═══ Material for this task ═══
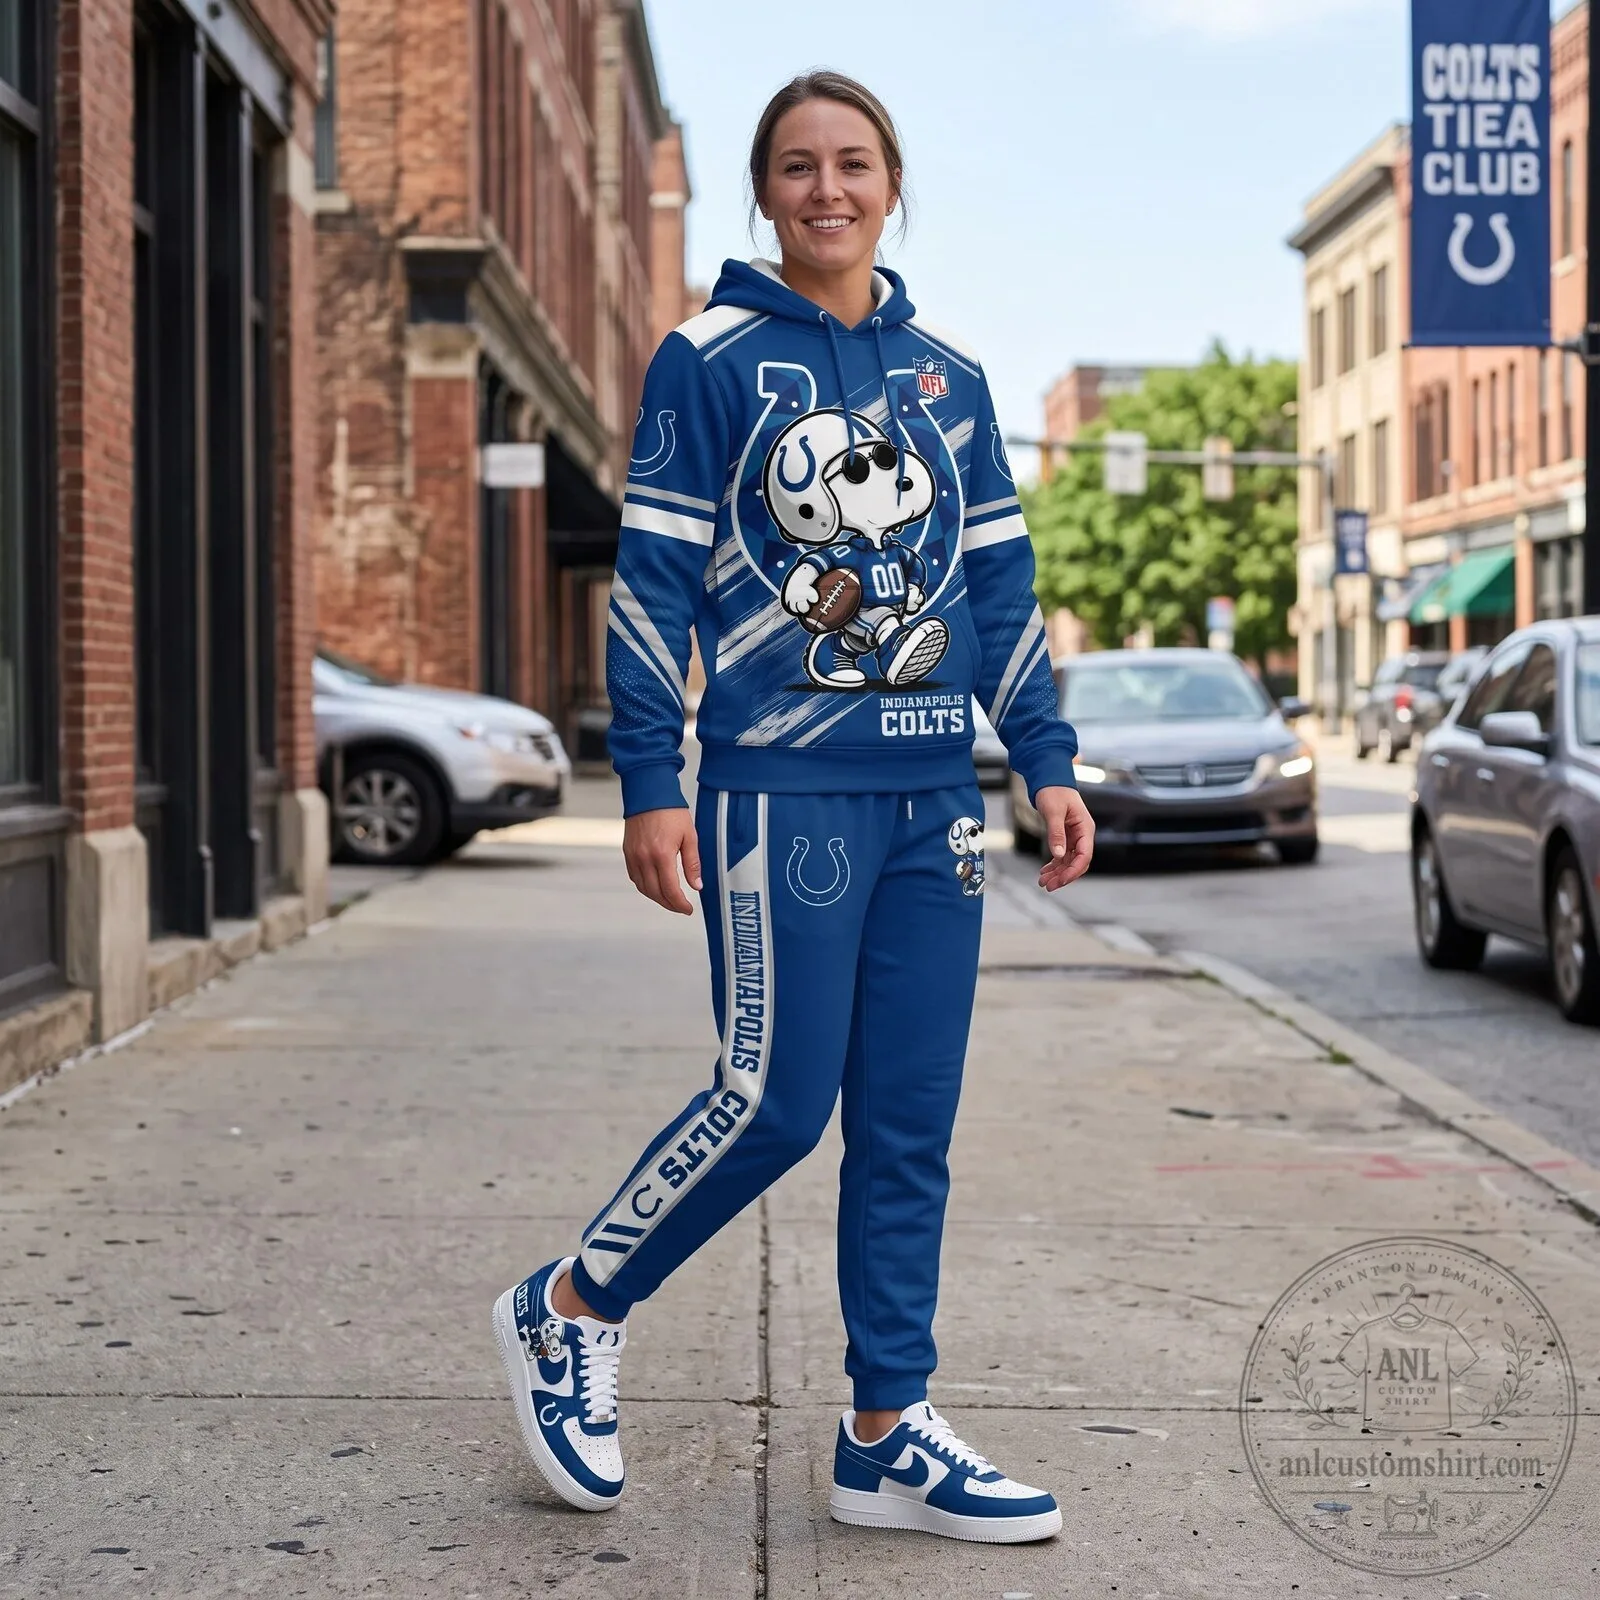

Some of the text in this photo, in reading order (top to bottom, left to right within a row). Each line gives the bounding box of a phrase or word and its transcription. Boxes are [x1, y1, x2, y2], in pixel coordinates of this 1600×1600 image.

[1422, 43, 1541, 101] COLTS
[1423, 103, 1540, 149] TIEA
[1422, 152, 1541, 195] CLUB
[919, 374, 946, 396] NFL
[871, 562, 905, 598] 00
[880, 694, 964, 709] INDIANAPOLIS
[881, 708, 965, 737] COLTS
[657, 1089, 749, 1190] COLTS
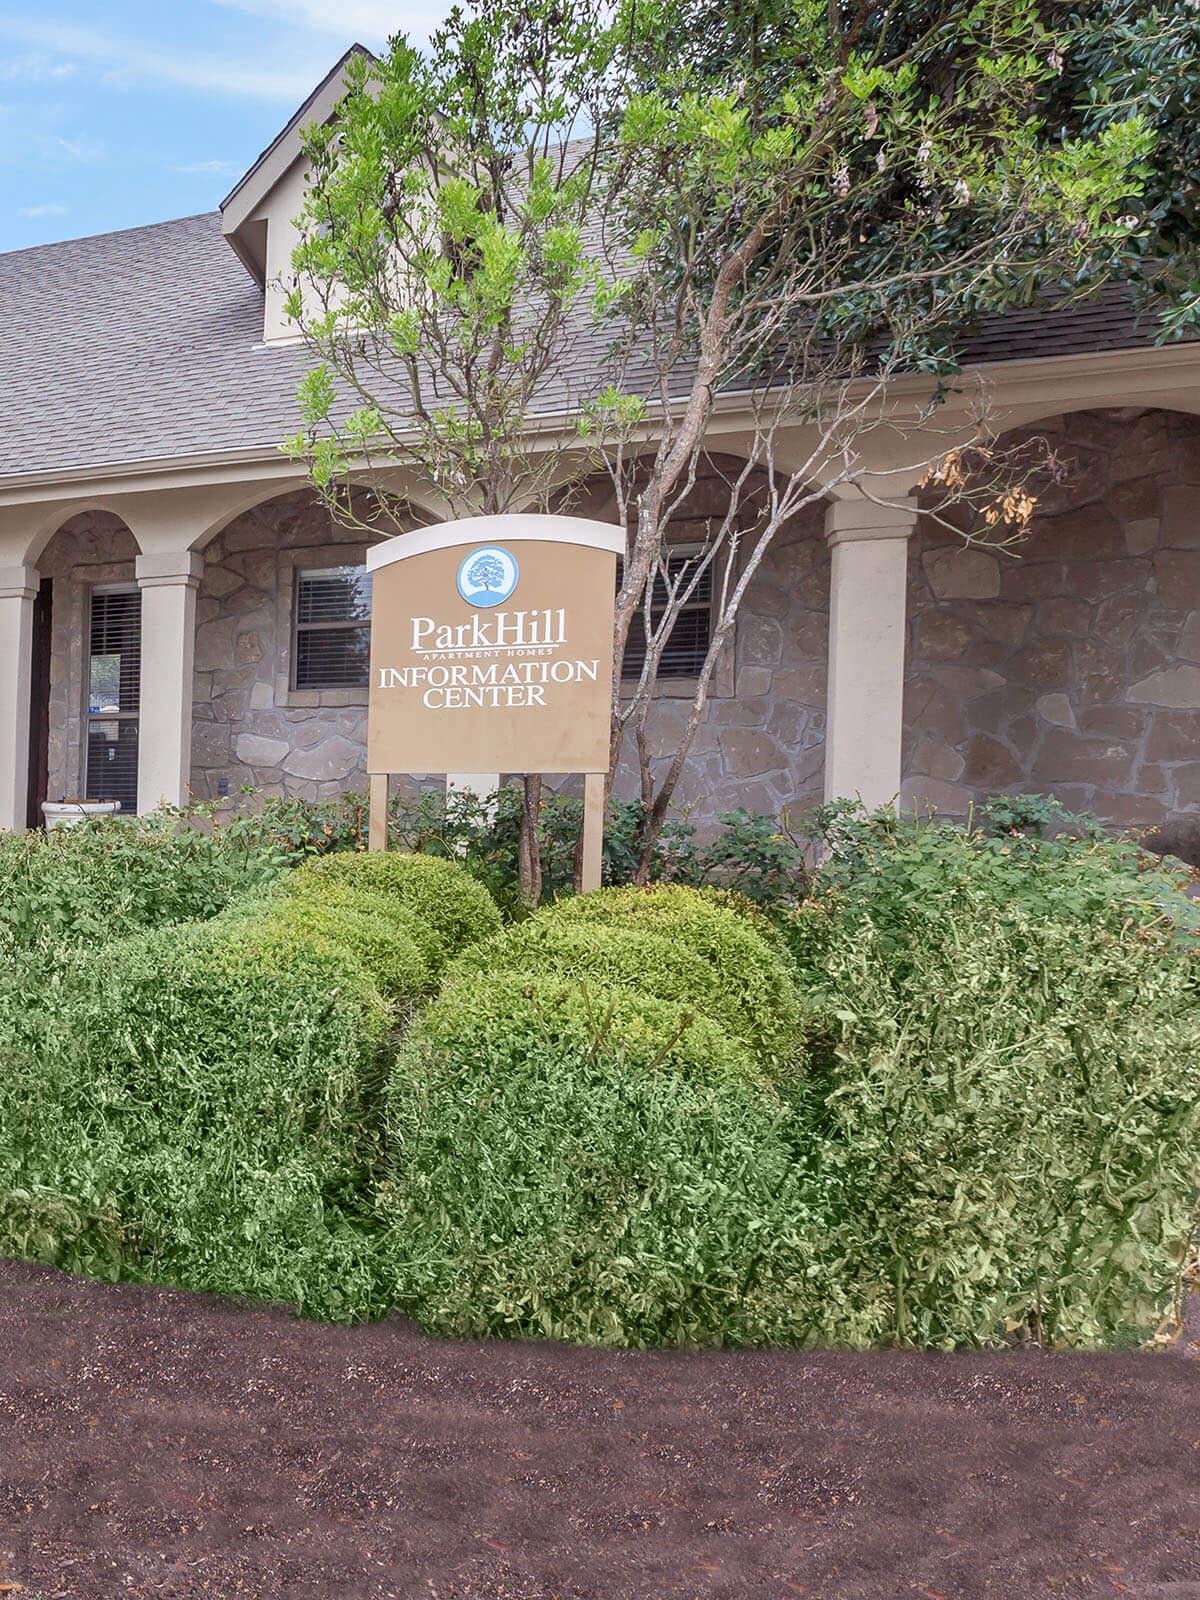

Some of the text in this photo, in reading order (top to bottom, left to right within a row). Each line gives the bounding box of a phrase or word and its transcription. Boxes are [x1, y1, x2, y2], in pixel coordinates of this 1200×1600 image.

[423, 648, 553, 661] APARTMENT HOMES
[377, 660, 600, 688] INFORMATION
[423, 685, 547, 709] CENTER
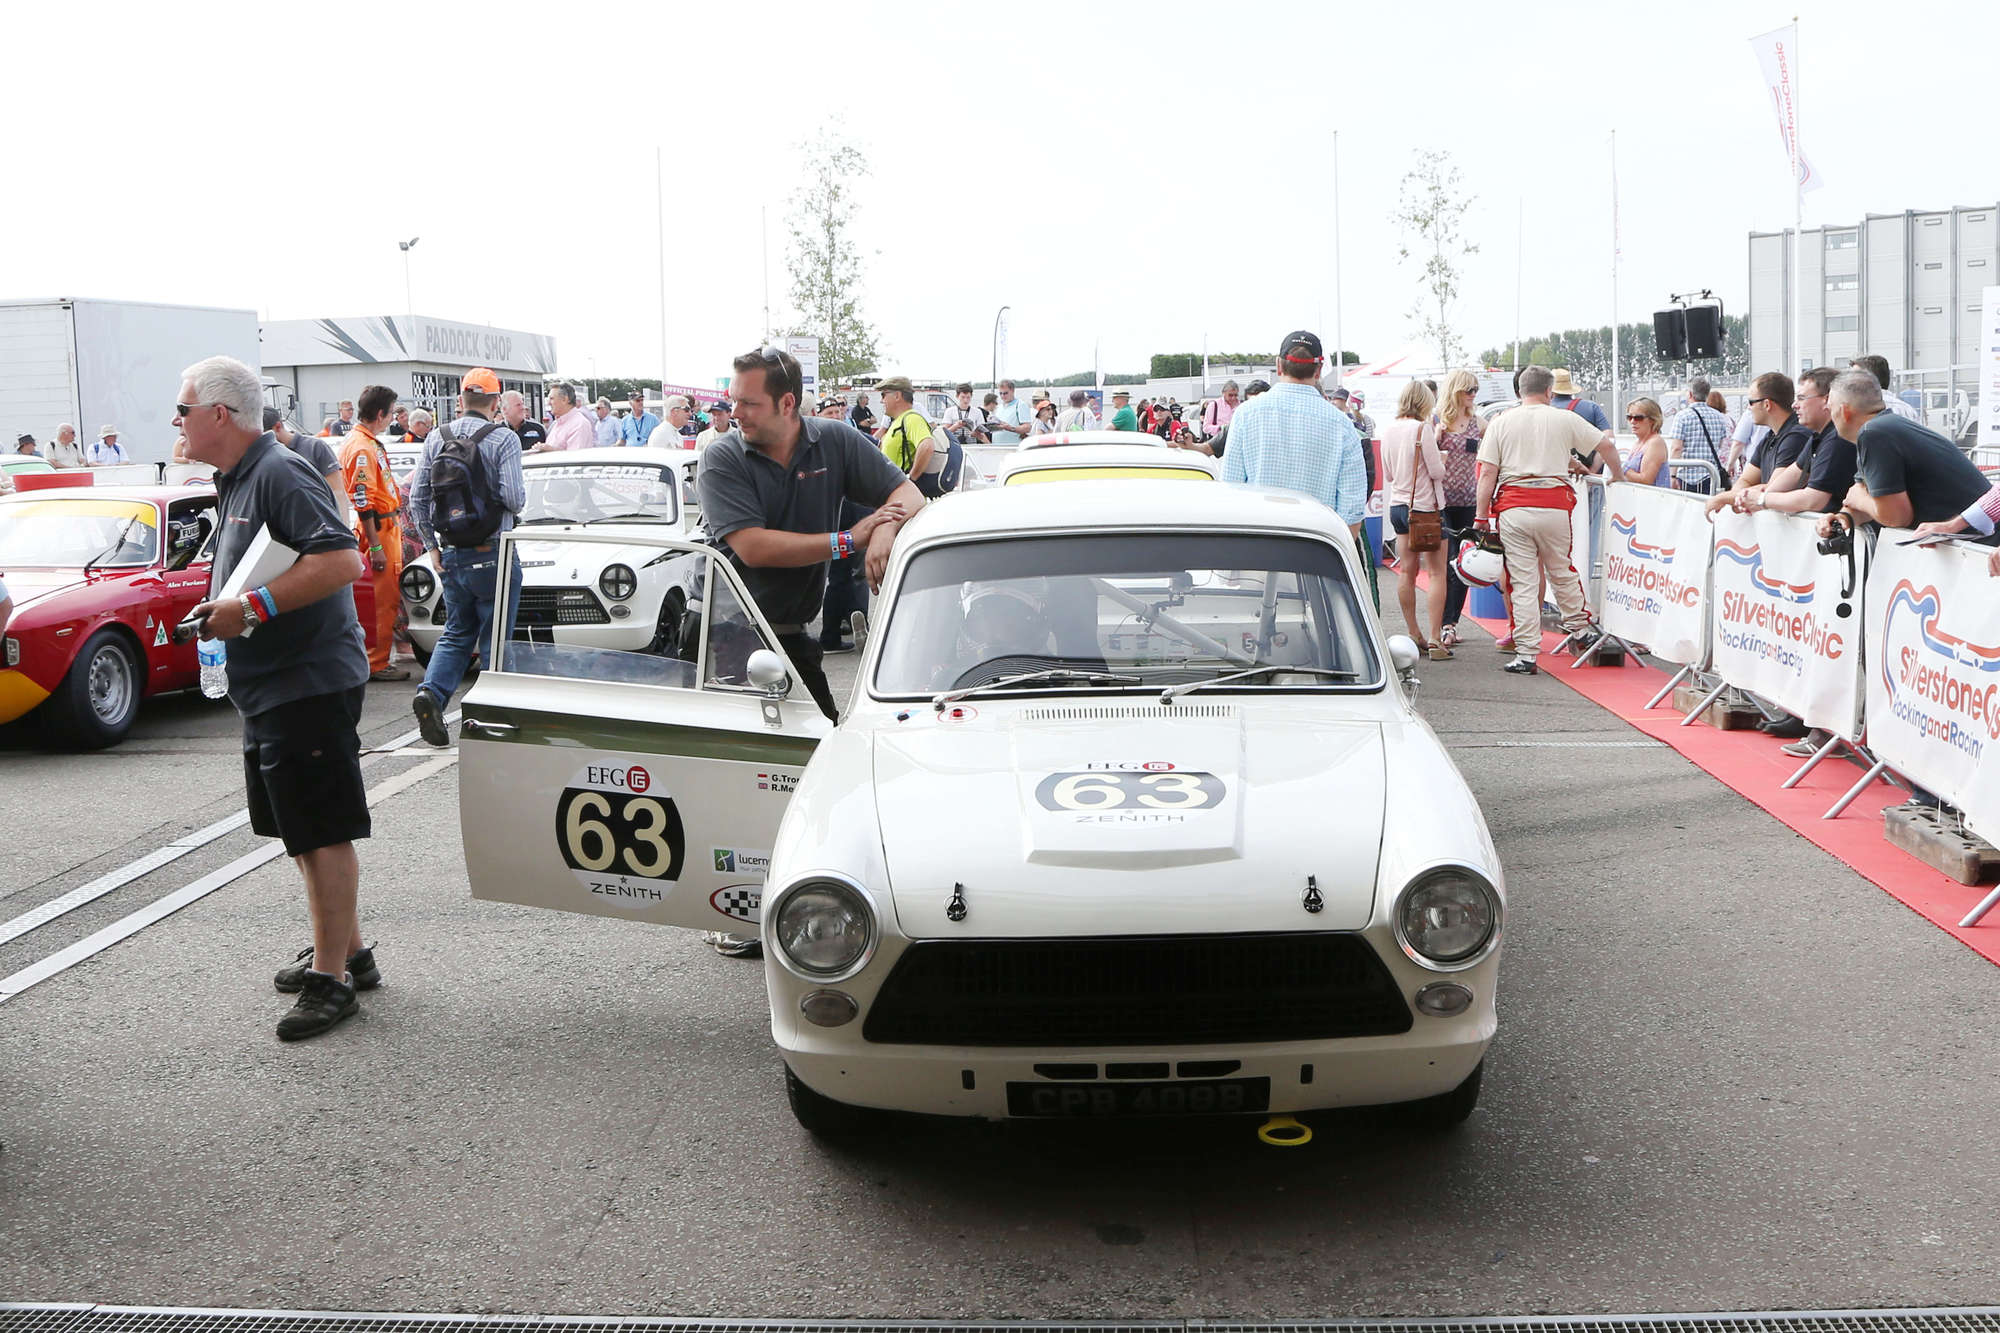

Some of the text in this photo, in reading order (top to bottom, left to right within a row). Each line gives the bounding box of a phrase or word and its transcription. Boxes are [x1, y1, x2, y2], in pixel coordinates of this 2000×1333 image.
═══
Each record above should be copied character for character, with pictures dropped.

▶ Response for this exercise
Some of the text in this photo, in reading order (top to bottom, left to right within a row). Each line gives the bounding box of a phrase or word and its transcription. Boxes are [x1, y1, x2, y2], in pixel coordinates of this 1600×1600 image.

[1422, 43, 1541, 101] COLTS
[1423, 103, 1540, 149] TIEA
[1422, 152, 1541, 195] CLUB
[919, 374, 946, 396] NFL
[871, 562, 905, 598] 00
[880, 694, 964, 709] INDIANAPOLIS
[881, 708, 965, 737] COLTS
[657, 1089, 749, 1190] COLTS

Some of the text in this photo, in reading order (top to bottom, left to right within a row). Each line gives the bounding box of a phrase or word and its transcription. Boxes are [x1, y1, x2, y2], in pixel coordinates of this 1200×1600 image.

[423, 648, 553, 661] APARTMENT HOMES
[377, 660, 600, 688] INFORMATION
[423, 685, 547, 709] CENTER

Some of the text in this photo, in reading order (top to bottom, left to right within a row). Each line gives the bounding box of a phrase or word and its transcription. Boxes are [x1, y1, x2, y2], in pixel coordinates of this 2000×1333 image.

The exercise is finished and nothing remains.